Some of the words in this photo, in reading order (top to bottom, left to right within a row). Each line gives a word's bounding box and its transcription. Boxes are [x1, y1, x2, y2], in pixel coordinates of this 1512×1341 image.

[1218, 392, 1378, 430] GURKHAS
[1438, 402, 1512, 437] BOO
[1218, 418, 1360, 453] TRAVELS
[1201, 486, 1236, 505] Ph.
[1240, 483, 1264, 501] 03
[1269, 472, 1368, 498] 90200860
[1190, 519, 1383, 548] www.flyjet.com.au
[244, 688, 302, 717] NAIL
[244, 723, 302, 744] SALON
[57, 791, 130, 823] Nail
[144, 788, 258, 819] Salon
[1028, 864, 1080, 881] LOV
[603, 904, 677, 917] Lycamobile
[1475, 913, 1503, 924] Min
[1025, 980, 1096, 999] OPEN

###

--- The task ---
Would you please print every record exactly as written?

--- Solution to the problem ---
Some of the words in this photo, in reading order (top to bottom, left to right within a row). Each line gives a word's bounding box and its transcription. Boxes are [x1, y1, x2, y2], in pixel coordinates of this 1512×1341 image.

[1218, 392, 1378, 430] GURKHAS
[1438, 402, 1512, 437] BOO
[1218, 418, 1360, 453] TRAVELS
[1201, 486, 1236, 505] Ph.
[1240, 483, 1264, 501] 03
[1269, 472, 1368, 498] 90200860
[1190, 519, 1383, 548] www.flyjet.com.au
[244, 688, 302, 717] NAIL
[244, 723, 302, 744] SALON
[57, 791, 130, 823] Nail
[144, 788, 258, 819] Salon
[1028, 864, 1080, 881] LOV
[603, 904, 677, 917] Lycamobile
[1475, 913, 1503, 924] Min
[1025, 980, 1096, 999] OPEN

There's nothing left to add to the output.